Records to process:
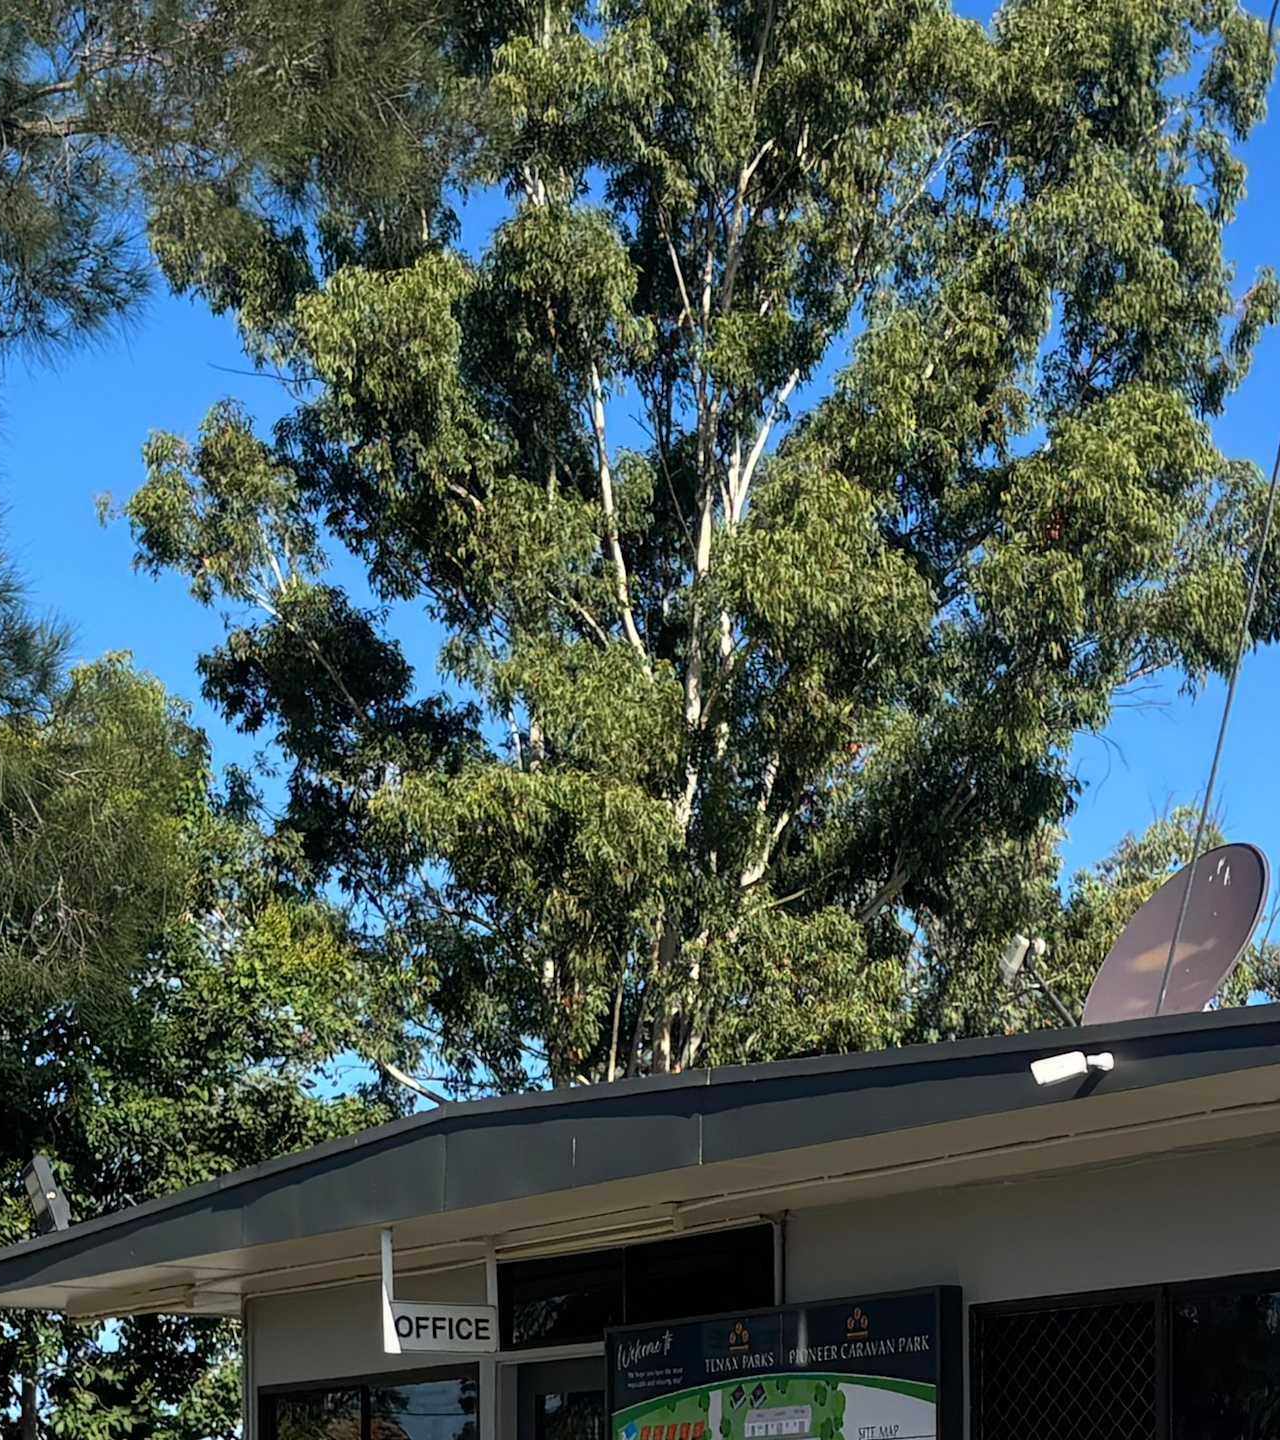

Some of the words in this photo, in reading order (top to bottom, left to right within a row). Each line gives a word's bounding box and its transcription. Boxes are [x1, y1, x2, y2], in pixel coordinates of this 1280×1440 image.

[394, 1315, 491, 1340] OFFICE
[788, 1345, 838, 1365] PIONEER
[840, 1338, 895, 1360] CARAVAN
[898, 1334, 930, 1353] PARK
[705, 1355, 739, 1374] TENAX
[741, 1351, 776, 1370] PARKS
[858, 1426, 876, 1439] SITE
[879, 1424, 900, 1437] MAP

Work instructions:
Would you transcribe the whole listing above exactly? The pictures should not be included.

Finished exercise:
Some of the words in this photo, in reading order (top to bottom, left to right within a row). Each line gives a word's bounding box and its transcription. Boxes are [x1, y1, x2, y2], in pixel coordinates of this 1280×1440 image.

[394, 1315, 491, 1340] OFFICE
[788, 1345, 838, 1365] PIONEER
[840, 1338, 895, 1360] CARAVAN
[898, 1334, 930, 1353] PARK
[705, 1355, 739, 1374] TENAX
[741, 1351, 776, 1370] PARKS
[858, 1426, 876, 1439] SITE
[879, 1424, 900, 1437] MAP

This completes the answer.